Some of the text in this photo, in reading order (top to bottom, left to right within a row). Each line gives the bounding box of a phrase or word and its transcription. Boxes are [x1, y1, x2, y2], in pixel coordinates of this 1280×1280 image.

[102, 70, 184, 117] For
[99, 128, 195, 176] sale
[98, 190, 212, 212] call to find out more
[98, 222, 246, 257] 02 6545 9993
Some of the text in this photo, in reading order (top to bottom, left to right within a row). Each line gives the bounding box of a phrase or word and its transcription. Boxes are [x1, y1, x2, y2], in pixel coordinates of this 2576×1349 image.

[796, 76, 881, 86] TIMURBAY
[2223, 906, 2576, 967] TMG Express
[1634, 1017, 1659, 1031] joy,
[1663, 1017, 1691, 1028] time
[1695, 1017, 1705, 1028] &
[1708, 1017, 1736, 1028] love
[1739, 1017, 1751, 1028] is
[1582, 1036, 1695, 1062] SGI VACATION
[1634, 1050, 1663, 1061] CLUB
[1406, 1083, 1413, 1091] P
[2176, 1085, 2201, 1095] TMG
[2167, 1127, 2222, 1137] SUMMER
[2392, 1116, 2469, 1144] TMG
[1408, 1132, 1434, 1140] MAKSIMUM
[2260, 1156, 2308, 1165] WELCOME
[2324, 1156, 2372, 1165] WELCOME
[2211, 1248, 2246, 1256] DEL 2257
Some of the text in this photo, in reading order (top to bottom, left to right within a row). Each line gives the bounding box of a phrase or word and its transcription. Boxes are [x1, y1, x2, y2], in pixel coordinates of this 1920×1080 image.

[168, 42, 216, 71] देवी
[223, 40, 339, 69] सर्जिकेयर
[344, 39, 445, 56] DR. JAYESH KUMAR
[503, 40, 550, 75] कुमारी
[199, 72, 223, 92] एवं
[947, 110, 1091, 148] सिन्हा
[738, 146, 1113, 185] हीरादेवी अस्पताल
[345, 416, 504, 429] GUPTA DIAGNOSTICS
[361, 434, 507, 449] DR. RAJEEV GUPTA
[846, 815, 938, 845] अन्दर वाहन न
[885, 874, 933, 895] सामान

* [WHAT TO PRODUCE]:
Return the lines from the one containing "this 2576×1349 image." through the last line of the records. Include both ends and nothing else.

* [TASK RESULT]:
Some of the text in this photo, in reading order (top to bottom, left to right within a row). Each line gives the bounding box of a phrase or word and its transcription. Boxes are [x1, y1, x2, y2], in pixel coordinates of this 2576×1349 image.

[796, 76, 881, 86] TIMURBAY
[2223, 906, 2576, 967] TMG Express
[1634, 1017, 1659, 1031] joy,
[1663, 1017, 1691, 1028] time
[1695, 1017, 1705, 1028] &
[1708, 1017, 1736, 1028] love
[1739, 1017, 1751, 1028] is
[1582, 1036, 1695, 1062] SGI VACATION
[1634, 1050, 1663, 1061] CLUB
[1406, 1083, 1413, 1091] P
[2176, 1085, 2201, 1095] TMG
[2167, 1127, 2222, 1137] SUMMER
[2392, 1116, 2469, 1144] TMG
[1408, 1132, 1434, 1140] MAKSIMUM
[2260, 1156, 2308, 1165] WELCOME
[2324, 1156, 2372, 1165] WELCOME
[2211, 1248, 2246, 1256] DEL 2257
Some of the text in this photo, in reading order (top to bottom, left to right within a row). Each line gives the bounding box of a phrase or word and its transcription. Boxes are [x1, y1, x2, y2], in pixel coordinates of this 1920×1080 image.

[168, 42, 216, 71] देवी
[223, 40, 339, 69] सर्जिकेयर
[344, 39, 445, 56] DR. JAYESH KUMAR
[503, 40, 550, 75] कुमारी
[199, 72, 223, 92] एवं
[947, 110, 1091, 148] सिन्हा
[738, 146, 1113, 185] हीरादेवी अस्पताल
[345, 416, 504, 429] GUPTA DIAGNOSTICS
[361, 434, 507, 449] DR. RAJEEV GUPTA
[846, 815, 938, 845] अन्दर वाहन न
[885, 874, 933, 895] सामान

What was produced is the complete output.